TO DO:
Print the line containing "Some of the words" and every line after it exactly as written, through the end of the records.

=== Begin Enclosure ===

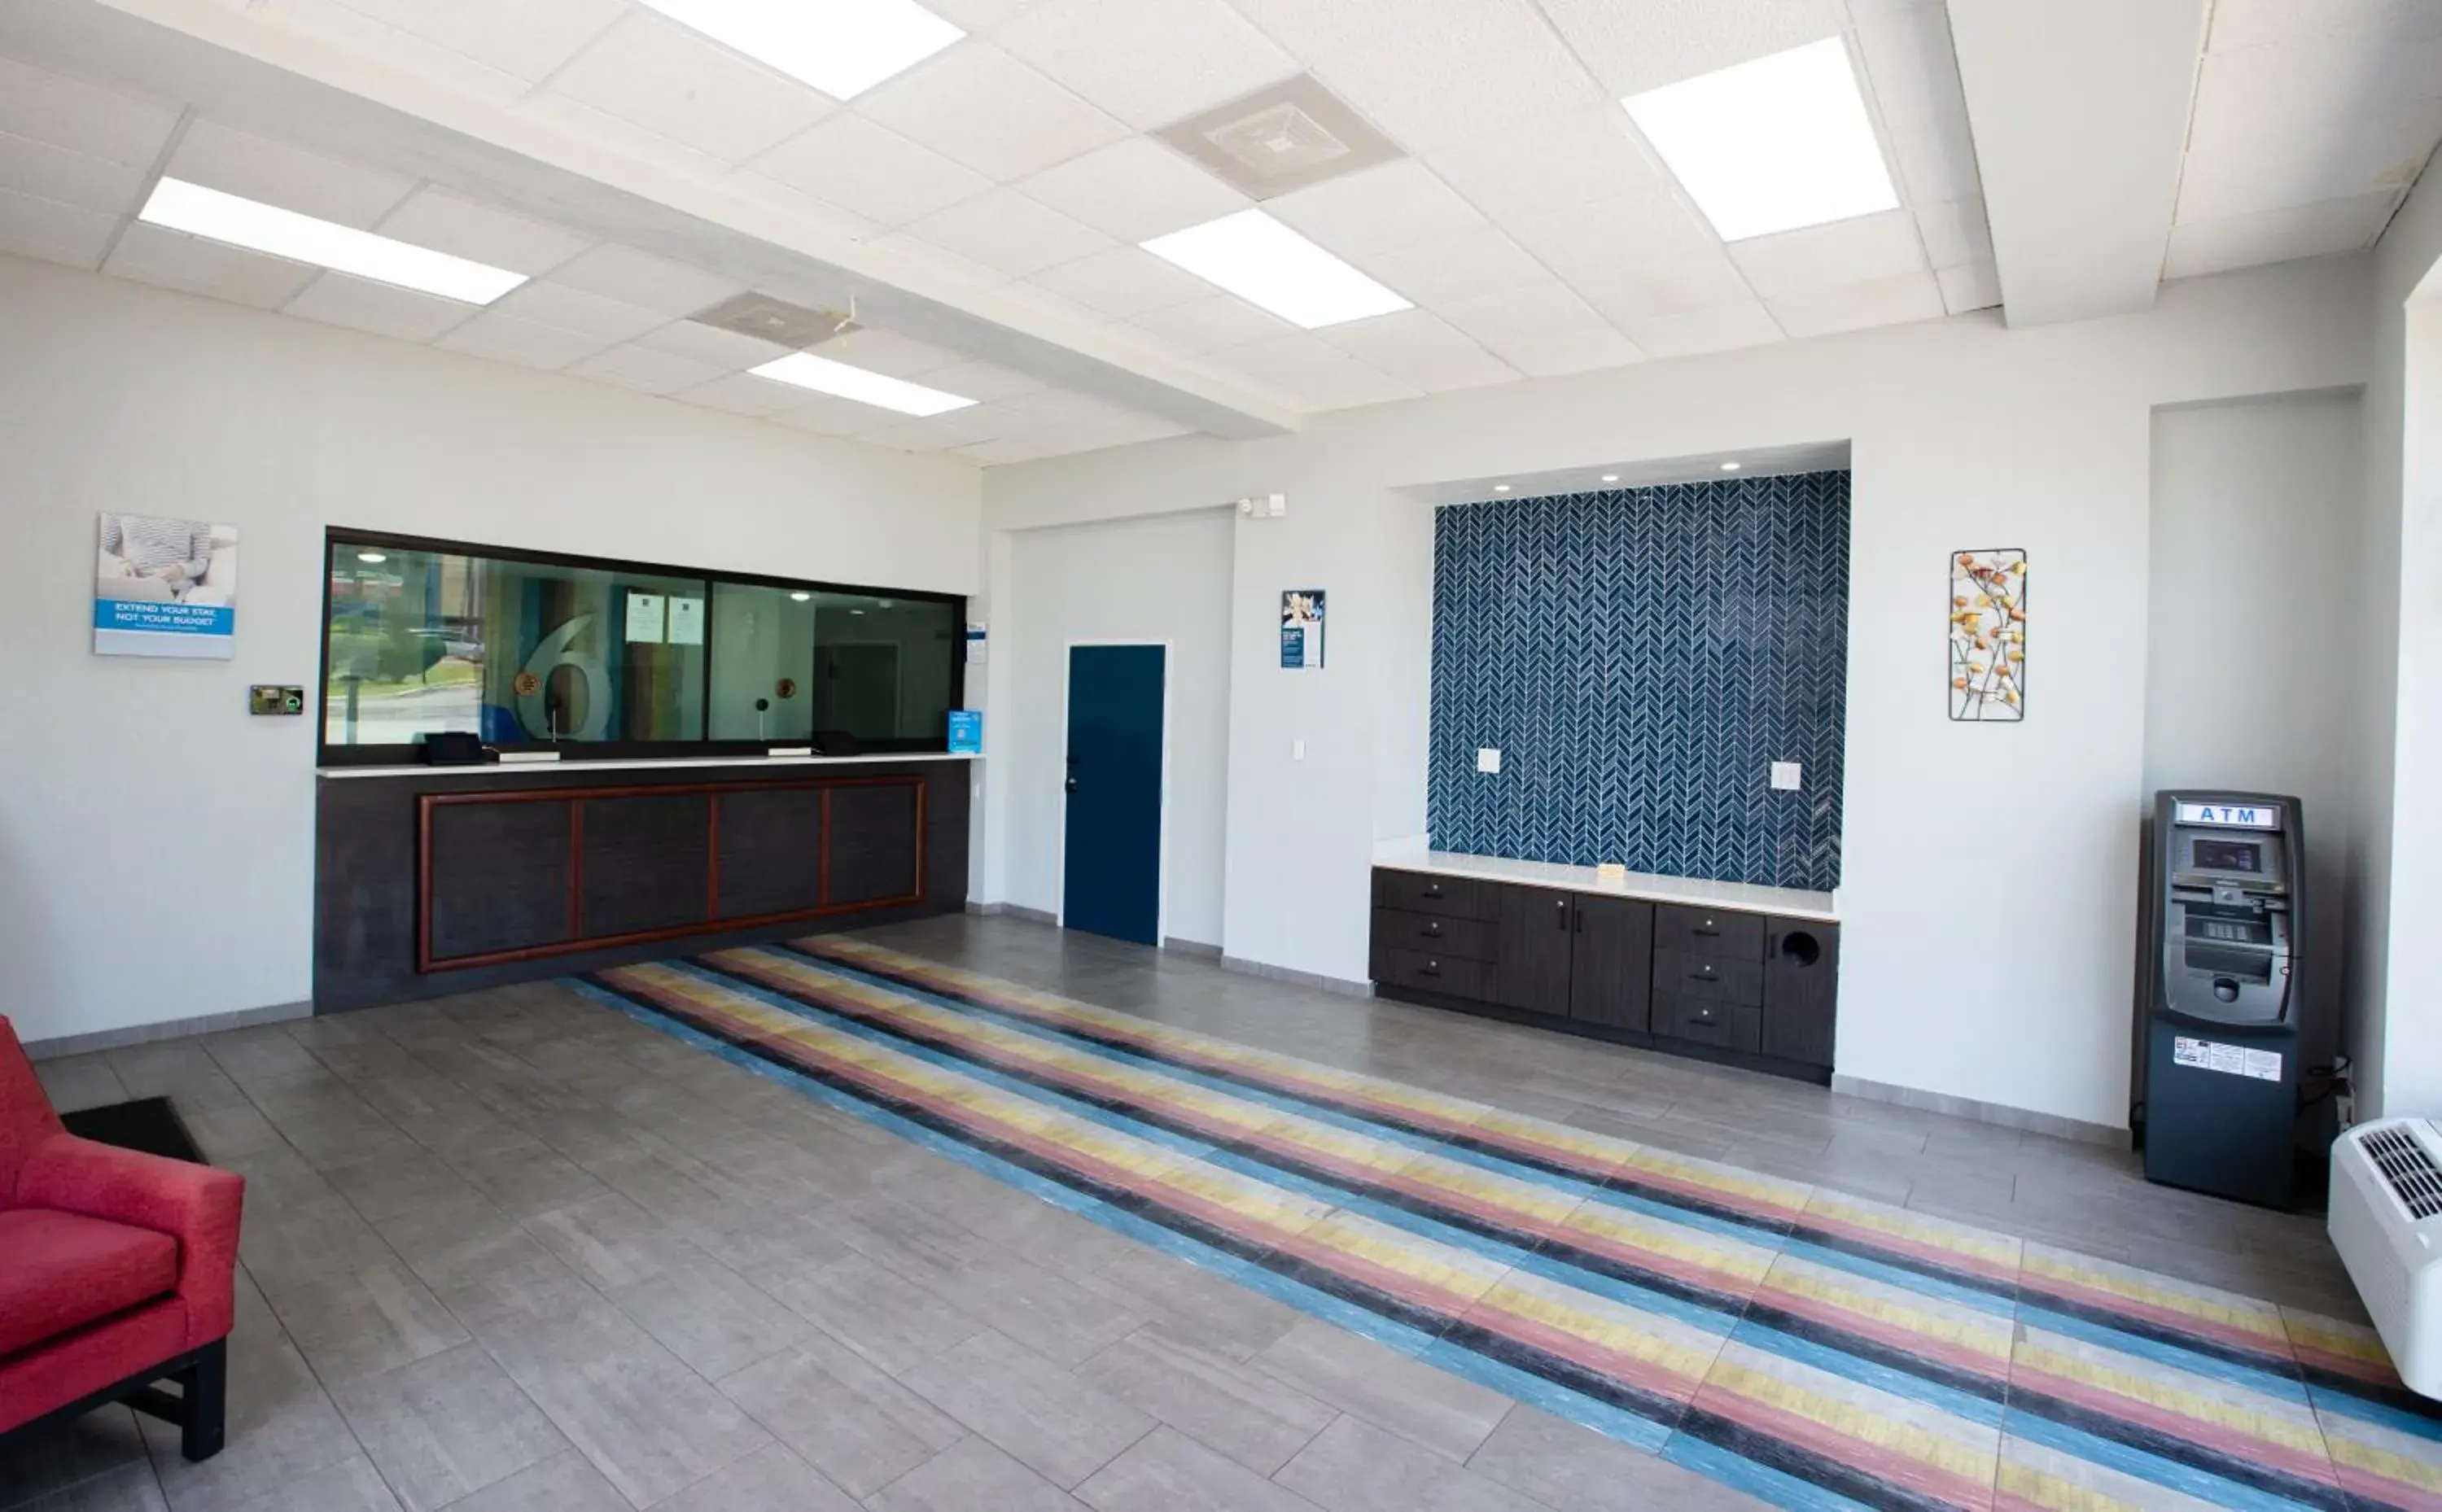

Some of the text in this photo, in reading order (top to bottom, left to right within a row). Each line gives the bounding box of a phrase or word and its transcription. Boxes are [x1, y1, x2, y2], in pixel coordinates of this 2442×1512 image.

[116, 603, 159, 613] EXTEND
[162, 606, 190, 614] YOUR
[116, 613, 212, 626] NOT YOUR BUDGET
[514, 612, 613, 741] 6
[2200, 806, 2255, 823] ATM
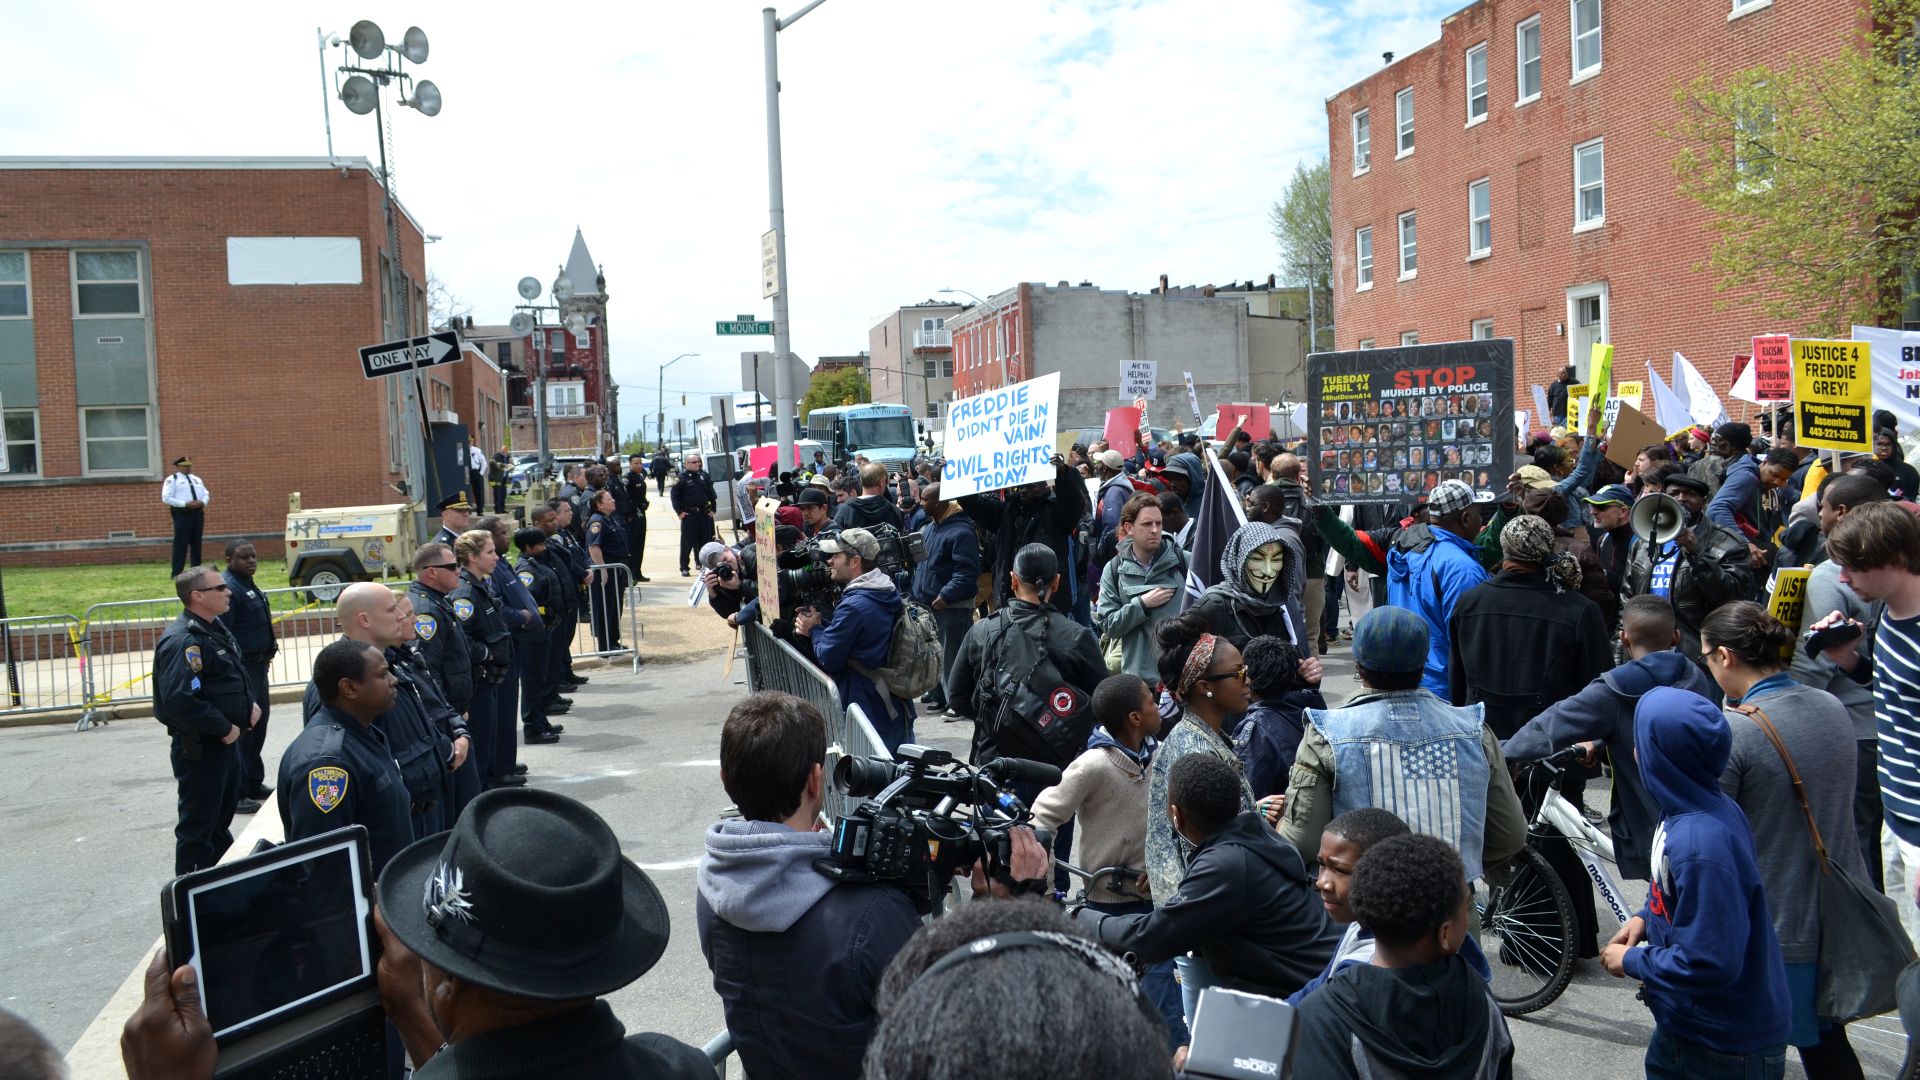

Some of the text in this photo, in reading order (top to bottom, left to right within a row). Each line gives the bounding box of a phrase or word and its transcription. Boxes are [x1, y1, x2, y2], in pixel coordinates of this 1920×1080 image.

[719, 323, 727, 333] N.
[730, 323, 760, 333] MOUNT
[1762, 346, 1783, 356] RACISM
[1802, 346, 1859, 361] JUSTICE 4
[373, 352, 400, 367] ONE
[1128, 370, 1153, 379] HELPING?
[1394, 366, 1476, 389] STOP
[1757, 371, 1789, 380] REVOLUTION
[1805, 363, 1856, 379] FREDDIE
[1322, 374, 1370, 385] TUESDAY
[1128, 386, 1152, 395] HURTING?
[1322, 382, 1369, 393] APRIL 14
[1381, 382, 1488, 398] MURDER BY POLICE
[1813, 381, 1849, 396] GREY!
[1322, 393, 1371, 401] #ShutDownA14
[951, 384, 1029, 428] FREDDIE
[1805, 403, 1860, 416] Peoples Power
[958, 402, 1048, 441] DIDN'T DIE IN
[1814, 416, 1851, 428] Assembly
[1004, 419, 1046, 445] VAIN!
[1809, 427, 1859, 440] 443-221-3775
[944, 444, 1051, 480] CIVIL RIGHTS
[973, 465, 1028, 491] TODAY!
[1587, 863, 1627, 923] mongoose
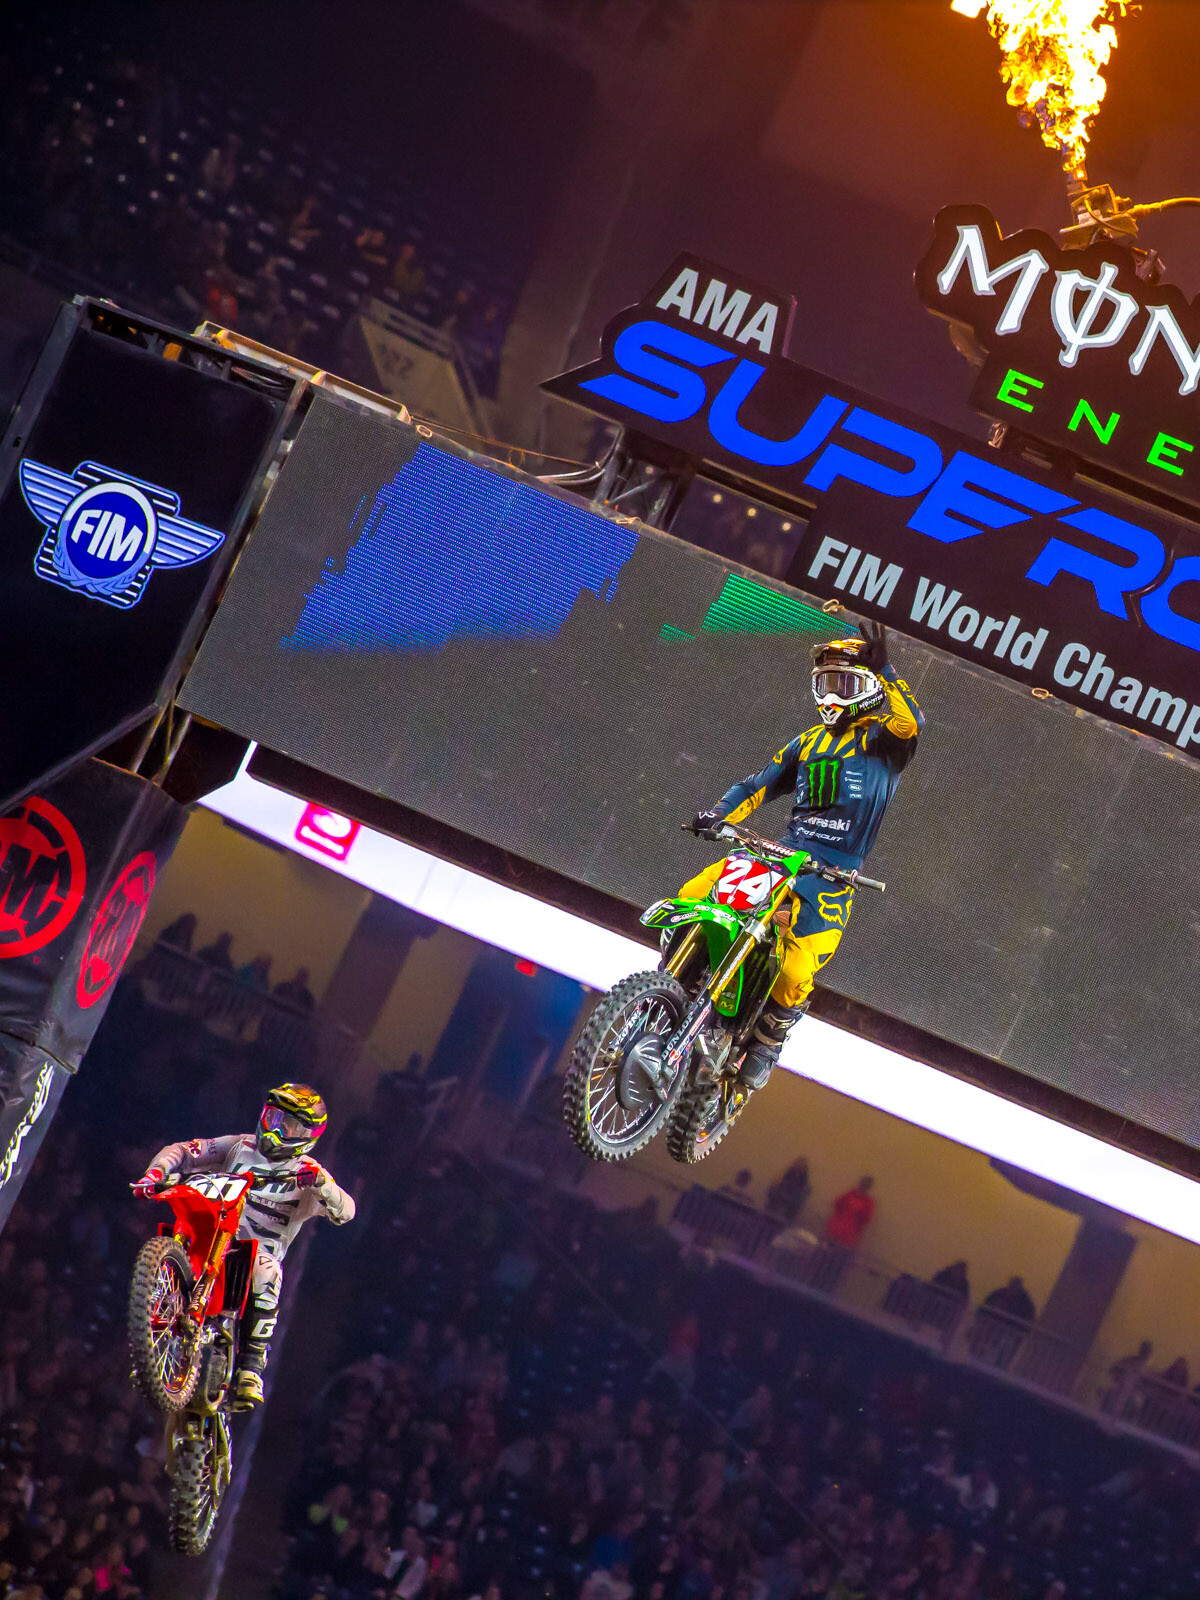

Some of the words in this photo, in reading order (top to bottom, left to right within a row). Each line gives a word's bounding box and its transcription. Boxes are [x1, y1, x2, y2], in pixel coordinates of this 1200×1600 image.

[655, 266, 780, 355] AMA
[70, 509, 144, 563] FIM
[807, 535, 904, 610] FIM
[909, 583, 1050, 672] World
[718, 858, 785, 908] 24
[661, 1011, 695, 1061] DUNLOP

=== End Enclosure ===

TASK SOLUTION:
Some of the words in this photo, in reading order (top to bottom, left to right within a row). Each line gives a word's bounding box and its transcription. Boxes are [x1, y1, x2, y2], in pixel coordinates of this 1200×1600 image.

[655, 266, 780, 355] AMA
[70, 509, 144, 563] FIM
[807, 535, 904, 610] FIM
[909, 583, 1050, 672] World
[718, 858, 785, 908] 24
[661, 1011, 695, 1061] DUNLOP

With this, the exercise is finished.